**To do**
Copy the data exactly. Images are the one exception.

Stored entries
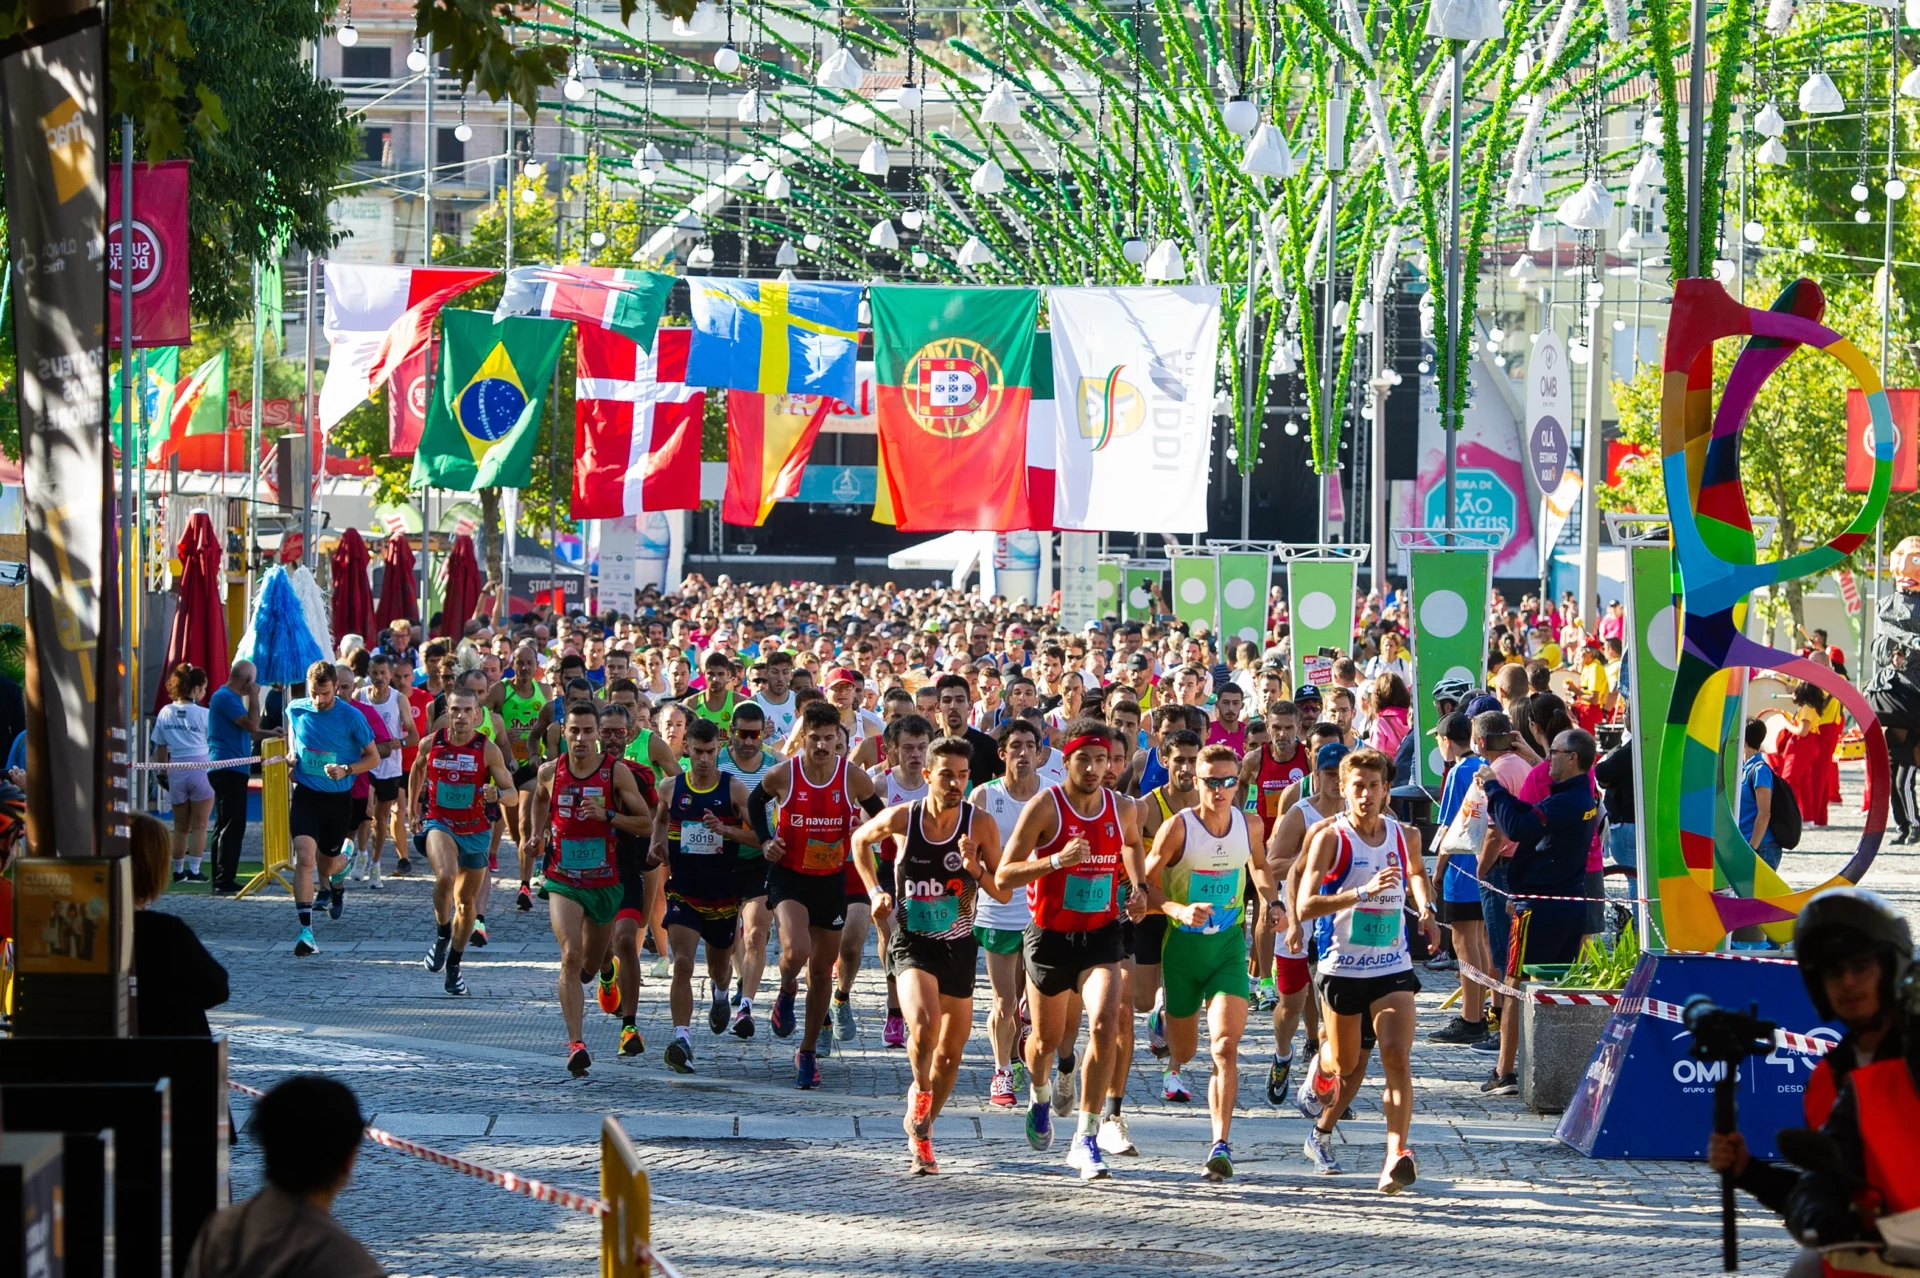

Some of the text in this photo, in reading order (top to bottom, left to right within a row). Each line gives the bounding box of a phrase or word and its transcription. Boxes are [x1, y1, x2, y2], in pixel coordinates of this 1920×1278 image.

[1455, 480, 1478, 490] EIRA
[564, 580, 578, 594] GO
[307, 759, 328, 768] 410
[805, 815, 843, 826] navarra
[689, 833, 714, 843] 3019
[570, 849, 596, 859] 1297
[1076, 888, 1104, 899] 4110
[1201, 883, 1230, 894] 4109
[918, 908, 948, 920] 4116
[1364, 922, 1391, 935] 4101
[1777, 1085, 1807, 1093] DESD

**Expected answer**
Some of the text in this photo, in reading order (top to bottom, left to right within a row). Each line gives the bounding box of a phrase or word and its transcription. Boxes are [x1, y1, x2, y2], in pixel coordinates of this 1920×1278 image.

[1455, 480, 1478, 490] EIRA
[564, 580, 578, 594] GO
[307, 759, 328, 768] 410
[805, 815, 843, 826] navarra
[689, 833, 714, 843] 3019
[570, 849, 596, 859] 1297
[1076, 888, 1104, 899] 4110
[1201, 883, 1230, 894] 4109
[918, 908, 948, 920] 4116
[1364, 922, 1391, 935] 4101
[1777, 1085, 1807, 1093] DESD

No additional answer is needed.